> _THE TASK_:
Could you repeat the records below exactly, leaving out any pictures?

Source data

○ ○ ○ ○ ○

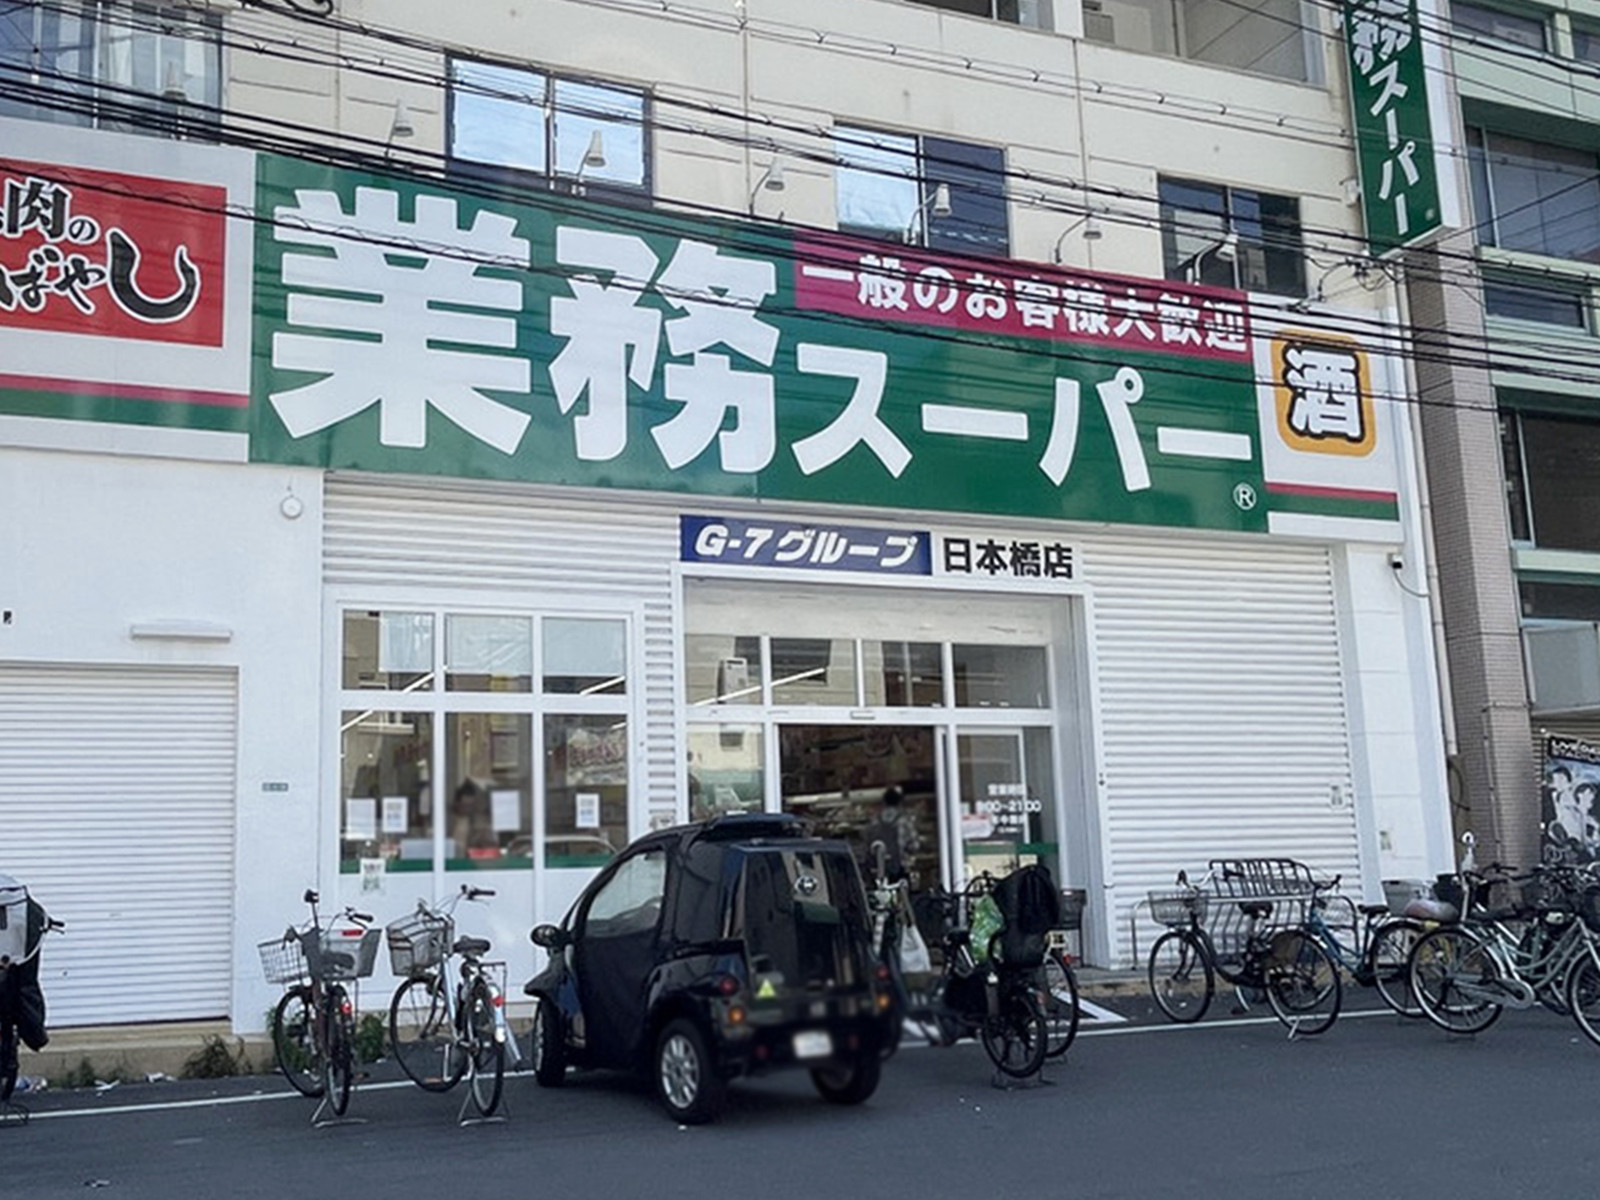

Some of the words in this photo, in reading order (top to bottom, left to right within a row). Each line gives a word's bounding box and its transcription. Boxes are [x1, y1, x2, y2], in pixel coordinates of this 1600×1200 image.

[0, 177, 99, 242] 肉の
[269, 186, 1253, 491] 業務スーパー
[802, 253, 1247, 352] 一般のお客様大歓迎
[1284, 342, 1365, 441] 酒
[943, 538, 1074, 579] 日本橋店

○ ○ ○ ○ ○

> _TASK OUTPUT_:
Some of the words in this photo, in reading order (top to bottom, left to right within a row). Each line gives a word's bounding box and its transcription. Boxes are [x1, y1, x2, y2], in pixel coordinates of this 1600×1200 image.

[0, 177, 99, 242] 肉の
[269, 186, 1253, 491] 業務スーパー
[802, 253, 1247, 352] 一般のお客様大歓迎
[1284, 342, 1365, 441] 酒
[943, 538, 1074, 579] 日本橋店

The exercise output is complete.